Shortly after arriving in Ryme City, Tim runs into a Pikachu. Of course, this isn’t just any Pikachu, as he’s wearing a Sherlock Holmes style cloche hat! Just kidding, what makes him special is that he can talk. Tim is the only one who is able to understand what Pikachu says and after discovering that this electric, eclectic and amnesiac detective used to be his dad’s partner solving cases, they decide to team up and track down Tim’s dad.
Chapter one is a nice little introductory mystery that involves a naughty Aipom who steals a little girl’s necklace. While it’s not exactly Professor Layton for Pokémon in terms of the strength of the mystery and the puzzles, it is accessible for all ages and built on a solid foundation of detective work at the crime scenes. You’re not likely to be staring at your 3DS and agonizing over a puzzle for hours. Unless you’re like me and temporarily forget how to tell right from left.

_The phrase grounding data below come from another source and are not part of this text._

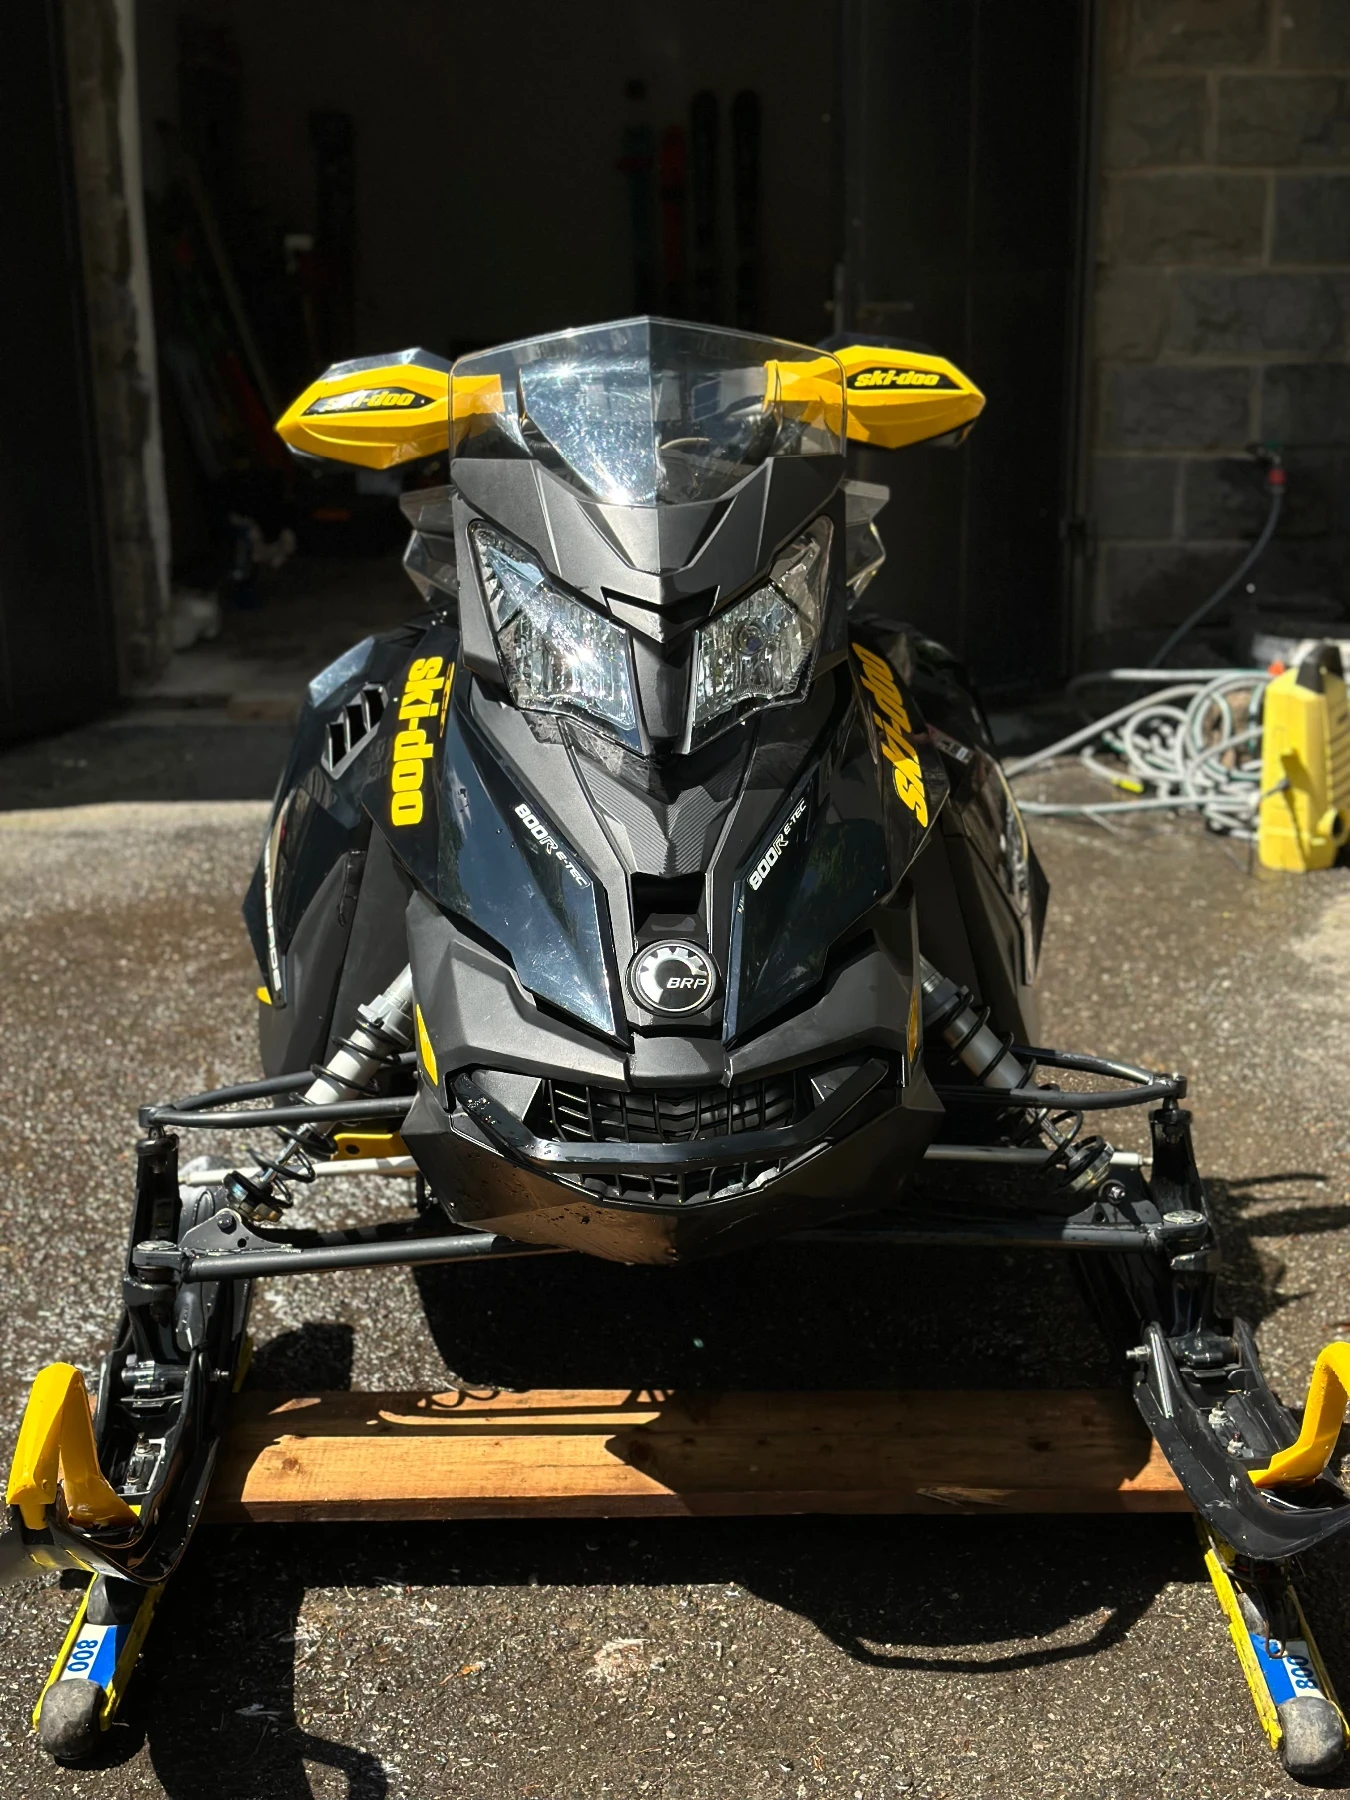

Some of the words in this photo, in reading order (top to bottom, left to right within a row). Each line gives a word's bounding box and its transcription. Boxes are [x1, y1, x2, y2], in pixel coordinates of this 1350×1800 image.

[854, 370, 940, 387] ski-doo
[391, 656, 445, 827] ski-doo
[852, 642, 929, 828] ski-doo
[514, 803, 559, 855] 800R
[748, 833, 789, 891] 800R
[666, 977, 707, 990] BRP
[67, 1639, 99, 1672] 800
[1286, 1655, 1319, 1690] 800
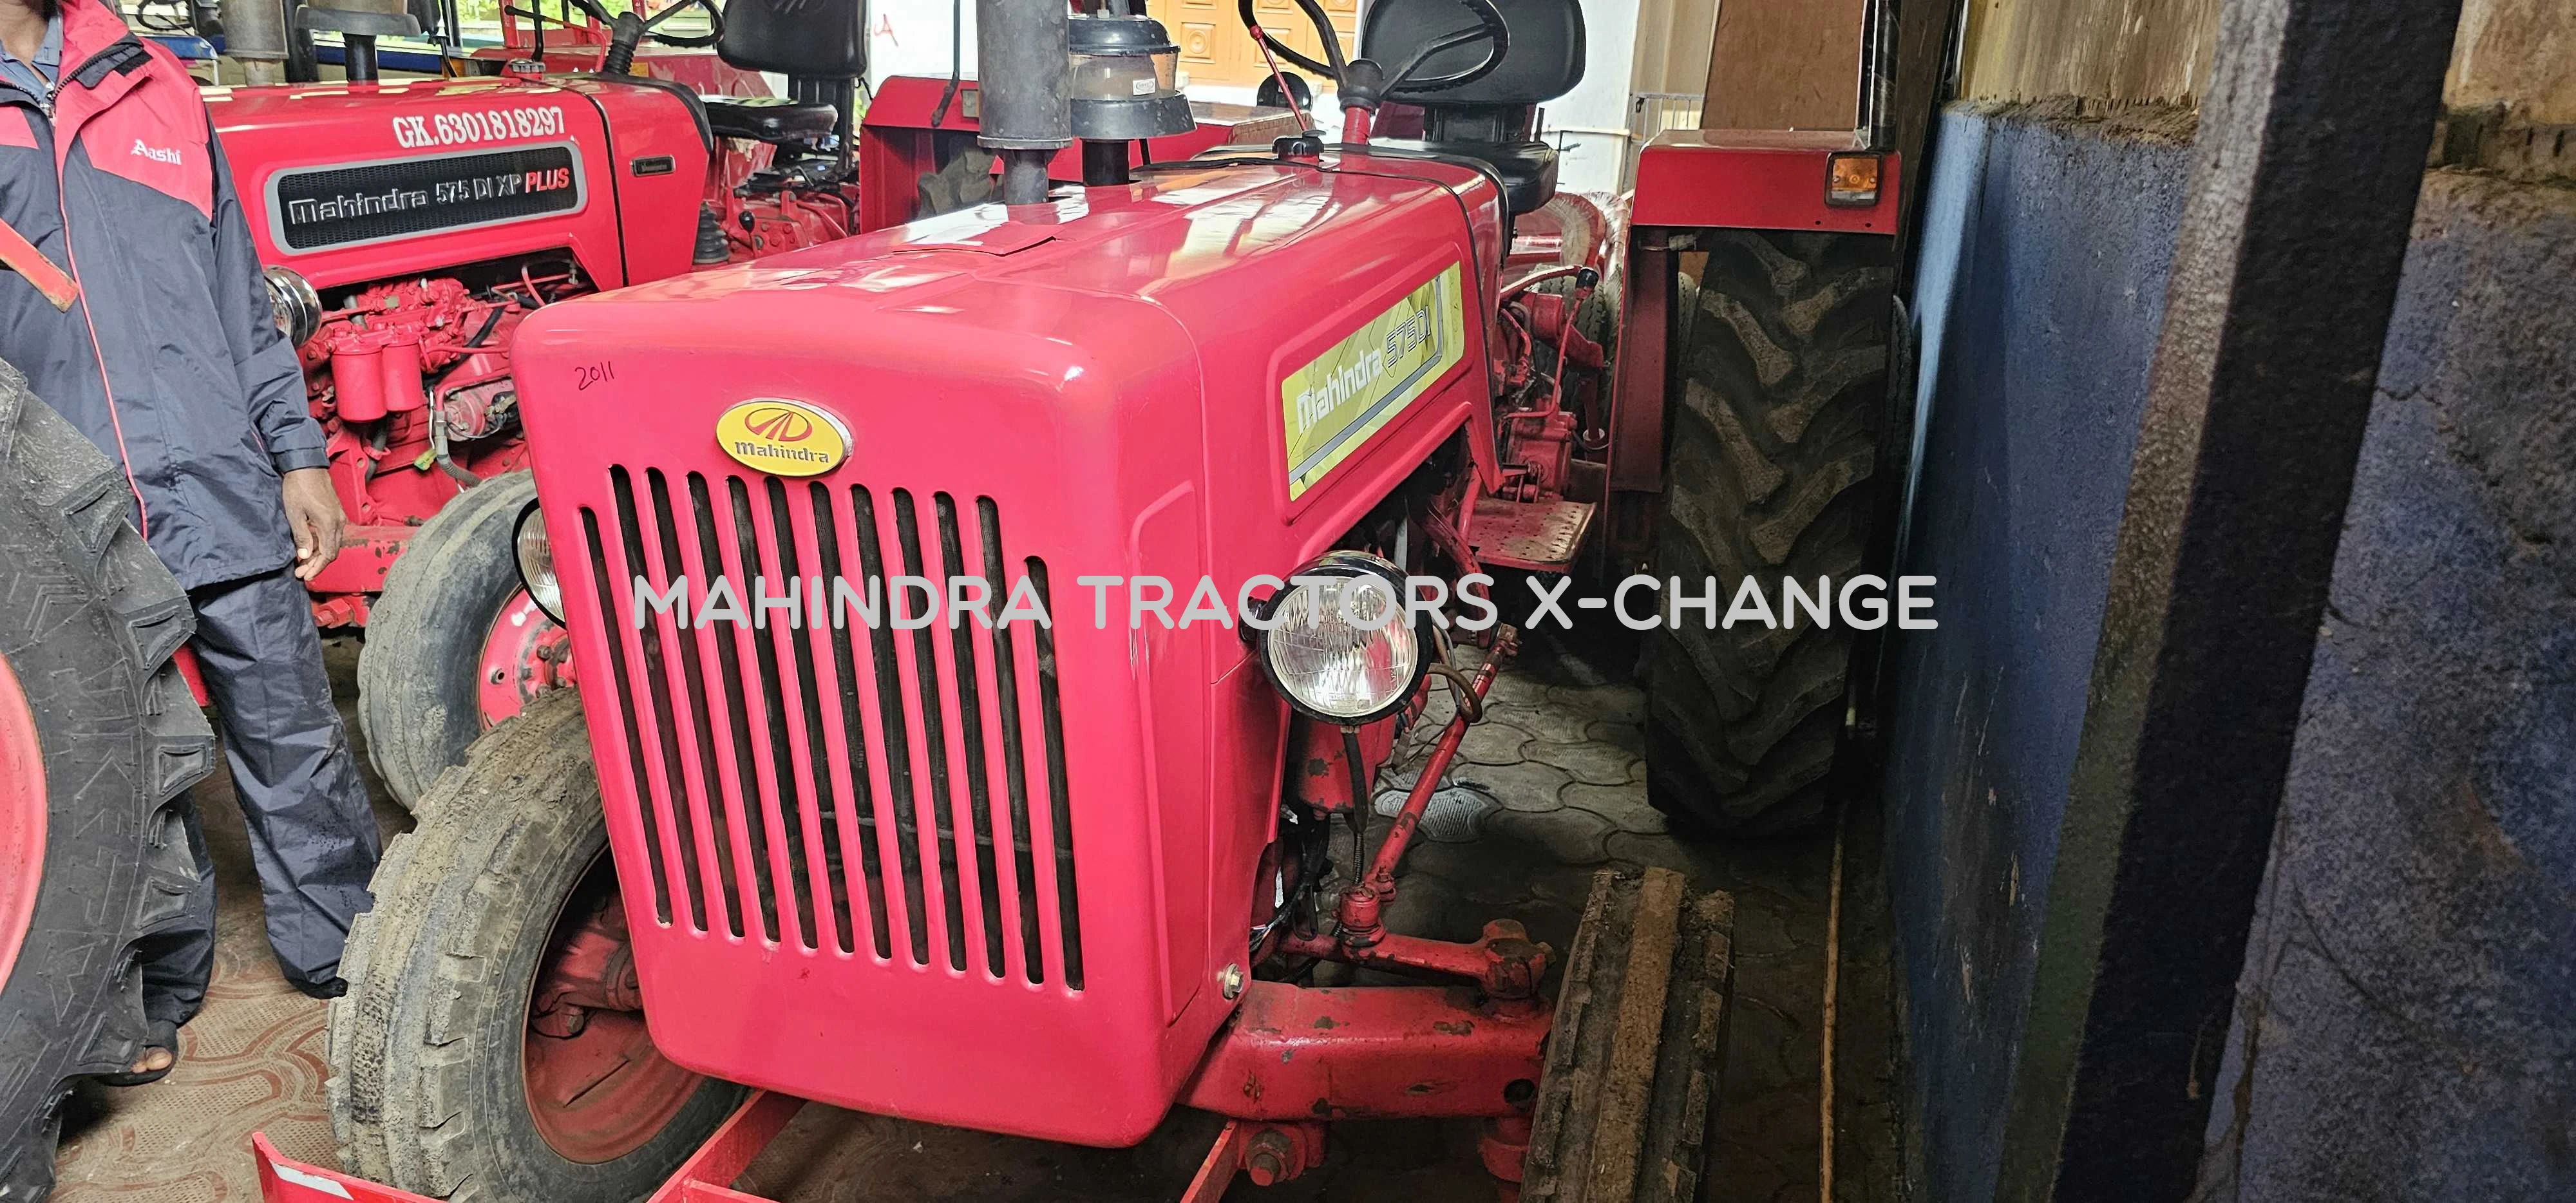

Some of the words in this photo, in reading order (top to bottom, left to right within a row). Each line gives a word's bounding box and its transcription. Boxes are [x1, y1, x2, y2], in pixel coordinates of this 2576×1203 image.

Detective Pikachu keeps track of clues and testimonials for you, letting you browse back through what you’ve seen or heard at any time. This means that you don’t need to complete each mystery in one sitting. Whenever Pikachu has something to contribute, he’ll starts jumping up and down and waving his arms around. Sometimes these are clues or valuable insights. Sometimes, you see a funny shot of a Driftloon manhandling Pikachu. For younger players, the game gives you the choice to start in Easy Mode, which includes helpful hints as you go along.
Each mini-mystery gets its own chapter, with the overarching mystery of Tim’s father woven throughout the journey. The first few chapters will take about an hour or two apiece to complete, depending on how thorough you want to be with your investigations. There are several recurring characters who pop up, including the head of the Baker agency, local café owner Pablo, and cute and intrepid TV reporter Emilia Christie (who is either the love interest or the villain, I haven’t figured out which yet).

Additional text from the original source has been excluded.